Records for the exercise:
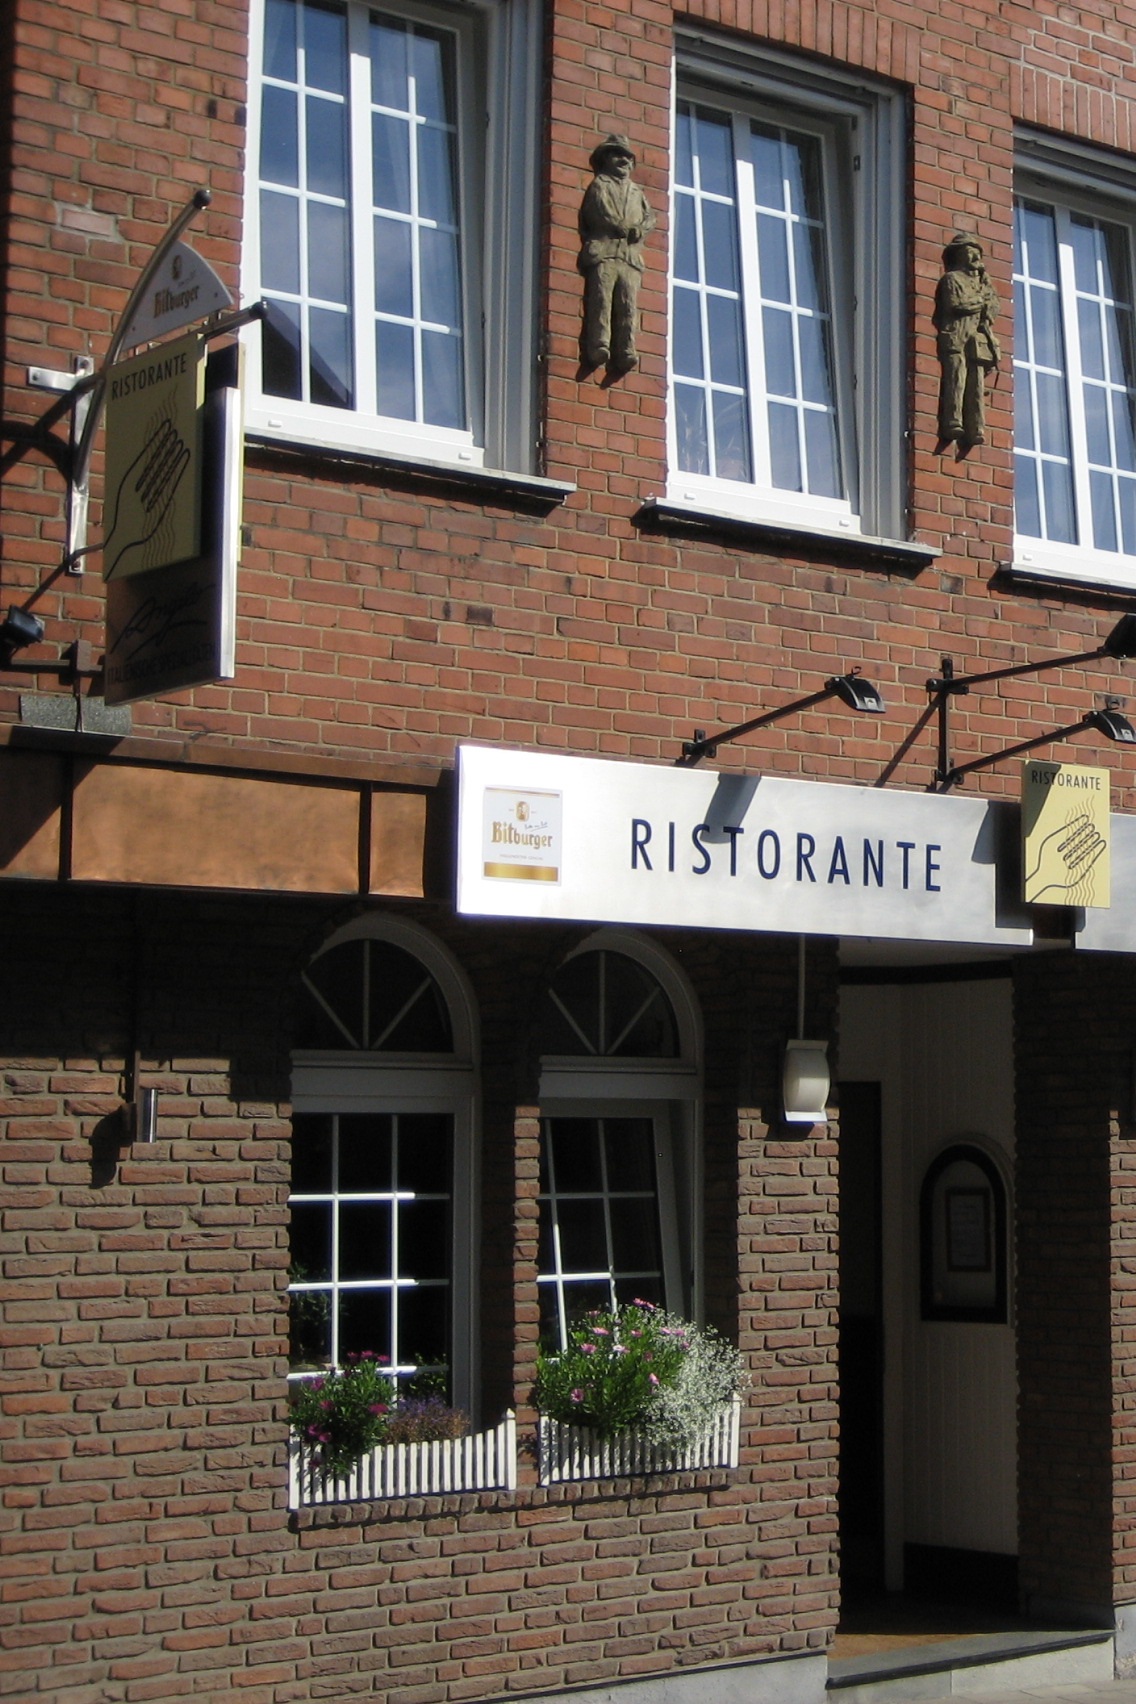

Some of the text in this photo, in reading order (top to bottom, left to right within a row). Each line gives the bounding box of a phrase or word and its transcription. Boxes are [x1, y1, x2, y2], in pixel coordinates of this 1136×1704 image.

[112, 353, 187, 400] RISTORANTE
[1031, 770, 1101, 791] RISTORANTE
[490, 820, 553, 850] Bitburger
[631, 818, 942, 892] RISTORANTE

What you should do:
Each entry above is to be written out exactly. The pictures stay out.

Reply to the exercise:
Some of the text in this photo, in reading order (top to bottom, left to right within a row). Each line gives the bounding box of a phrase or word and its transcription. Boxes are [x1, y1, x2, y2], in pixel coordinates of this 1136×1704 image.

[112, 353, 187, 400] RISTORANTE
[1031, 770, 1101, 791] RISTORANTE
[490, 820, 553, 850] Bitburger
[631, 818, 942, 892] RISTORANTE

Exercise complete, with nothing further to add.